These are a few factors lenders take into consideration when deciding whether or not to offer you a personal loan, as well as how much to offer and at what rate. Here’s a look at what you may need to qualify.

Credit Score

A credit score is a three-digit number (typically between 300 and 850) designed to predict how likely you are to pay a loan back on time based on information from your credit reports. There is no universally set minimum credit score for personal loans but many lenders require applicants to have a minimum score of around 620. To get approved for a lender’s lowest rates, however, you may need a credit score closer to 690.

That doesn’t mean borrowers with lower scores or thin credit are out of luck. Some lenders offer personal loans to applicants without any credit history at all. There are also personal loans on the market designed for applicants with poor or bad credit. Keep in mind, though, that these loans often come with high rates and less-than-favorable terms.

Debt-to-Income Ratio

Lenders will also look closely at an applicant’s debt-to-income (DTI) ratio, which measures the percentage of a person’s monthly income that goes to debt payments. You generally want your DTI to be as low as possible because that indicates that your income is well above what you need to cover your monthly expenses.

If you’re applying for a personal loan, lenders typically want to see a DTI of 35% to 40% or less. A lender might allow a higher DTI, however, if you have a strong credit score or other compensating factors, like enough money in your savings account to cover several months of living expenses.

Income

To make sure that borrowers have the cash flow to repay a new loan, lenders typically have minimum income requirements for personal loans. Income thresholds vary widely by lender — some require applicants to earn at least $45,000 per year, while others have a minimum annual income requirement of just $20,000. Lenders don’t always disclose their income requirements, so you may not be able to discover these minimums before you apply for a personal loan.

Lenders see your income by looking at your monthly bank statements, last two years of tax returns, and pay stubs. Some lenders also require a signed letter from an employer. If you are self-employed, you can provide tax returns or bank statements to show proof of income.


💡 Quick Tip: With average interest rates lower than credit cards, a personal loan for credit card debt can substantially decrease your monthly bills.

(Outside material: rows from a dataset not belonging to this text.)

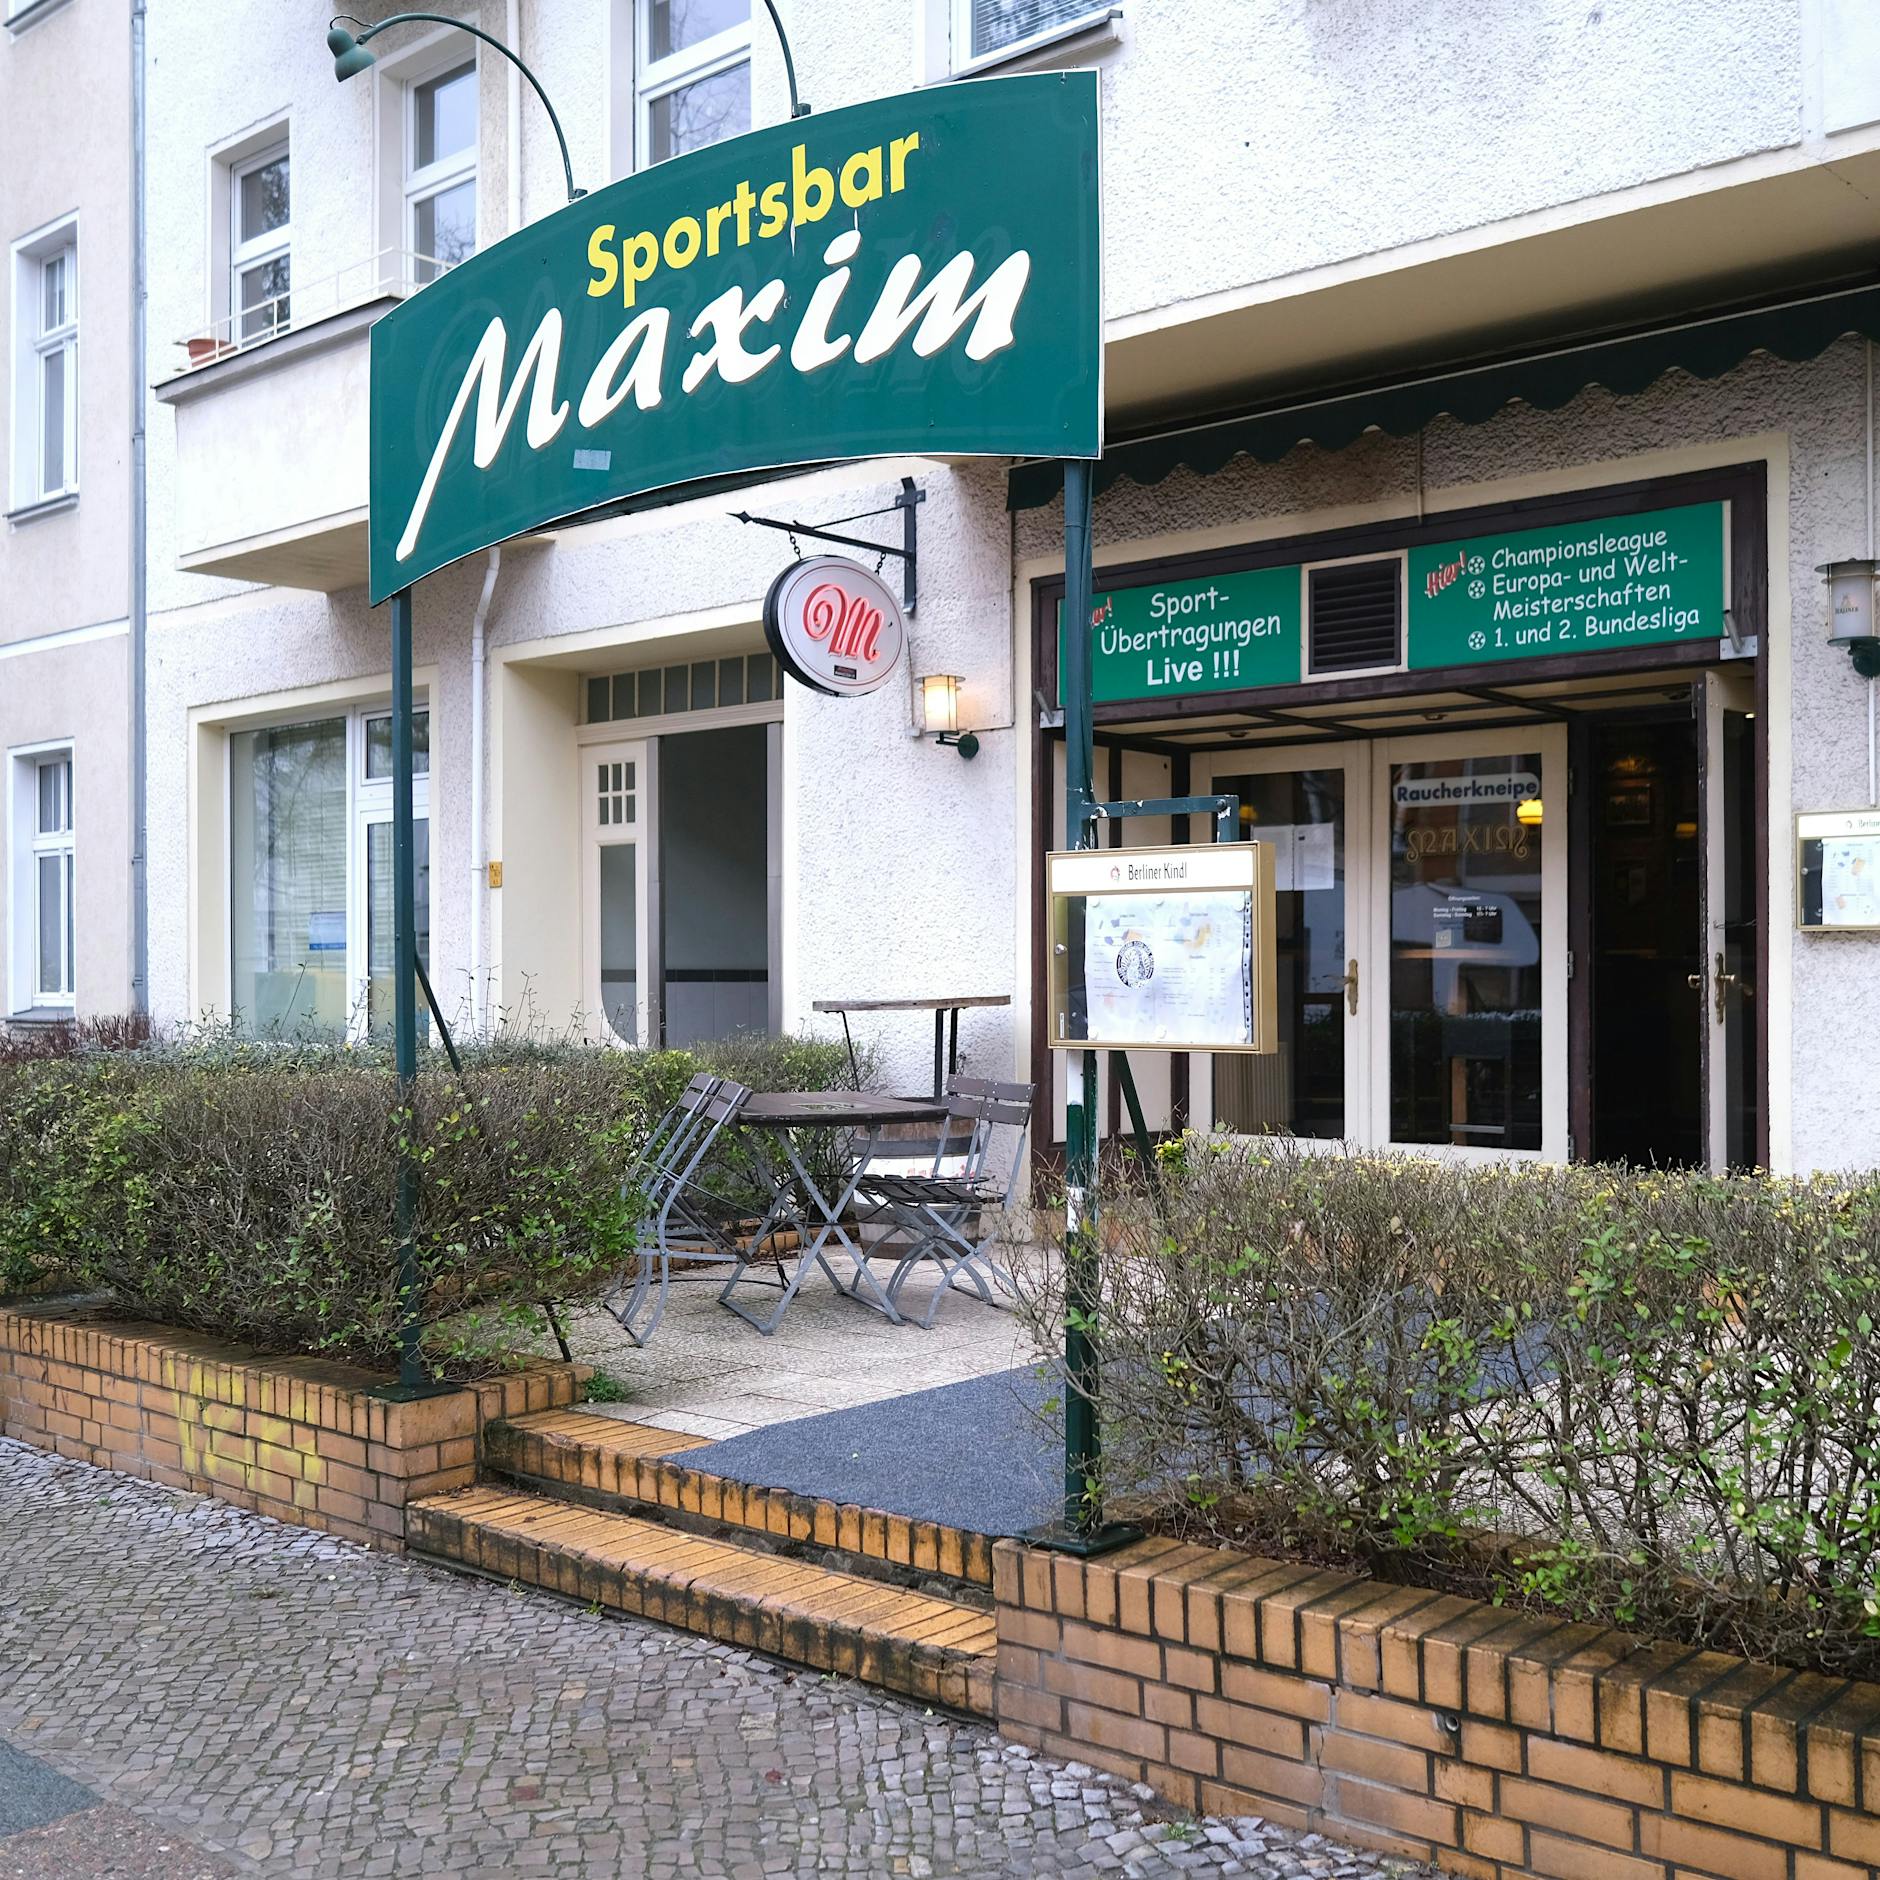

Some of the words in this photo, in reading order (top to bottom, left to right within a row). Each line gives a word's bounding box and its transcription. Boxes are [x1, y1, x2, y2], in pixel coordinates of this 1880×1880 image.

[587, 132, 920, 307] Sportsbar
[395, 229, 1031, 562] Maxim
[1491, 530, 1668, 570] Championsleague
[1424, 550, 1467, 600] Hier!
[1492, 572, 1571, 597] Europa-
[1578, 559, 1616, 584] und
[1624, 552, 1689, 577] Welt-
[1150, 586, 1230, 623] Sport-
[1493, 583, 1671, 621] Meisterschaften
[1100, 615, 1281, 655] Übertragungen
[1494, 628, 1509, 648] 1.
[1515, 622, 1551, 646] und
[1558, 619, 1577, 640] 2.
[1585, 607, 1700, 638] Bundesliga
[1146, 657, 1203, 686] Live
[1213, 649, 1241, 679] !!!
[1397, 778, 1537, 802] Raucherkneipe
[1406, 824, 1529, 864] MAXIM
[1128, 864, 1161, 881] Berliner
[1163, 861, 1187, 880] Kindl

Personal Loan Options by Credit Score

When it comes to having the right credit score for a personal loan, there is no one set score that disqualifies someone from getting their hands on one. That said, having a FICO® Score in the good range (670-739) or higher gives applicants the widest range of lending opportunities and the most favorable interest rates. Take a closer look at how different FICO credit score ranges can affect lending opportunities.

FICO Credit Score Range

Rating

Lending Opportunities

800+ Exceptional Wide variety of lending products, favorable interest rates, larger loan amounts
740-799 Very Good Wide variety of lending products, favorable interest rates, larger loan amounts
670-739 Good Wide variety of lending products, good loan amounts, fair interest rates
580-669 Fair Can qualify for some lending products with slightly higher interest rates
<580 Poor Limited lending opportunities, smaller loan amounts, typically high interest rates

Exceptional

An exceptional credit score qualifies applicants for the widest variety of personal loan options, the most favorable interest rates, and larger loan amounts.

Very Good

Having a very good credit score qualifies applicants for most if not all of the same rates and lending opportunities as exceptional applicants.

Good

Having a good credit score puts a borrower near or slightly above the average of U.S. consumers, and most lenders consider this a good score to have. Applicants shouldn’t struggle to find a personal loan, but they may not be approved for the lowest interest rates.

Fair

Because a fair credit score is below the average score of U.S. consumers, many lenders will approve loans with this score, but rates and terms might not be as desirable as they are for higher scores.

Poor

A poor or “bad” credit score is well below the average score of U.S. consumers and demonstrates to lenders that the applicant may be a lending risk, which greatly limits the applicant’s borrowing options. If they do qualify for a personal loan they likely can expect to be approved at high interest rates.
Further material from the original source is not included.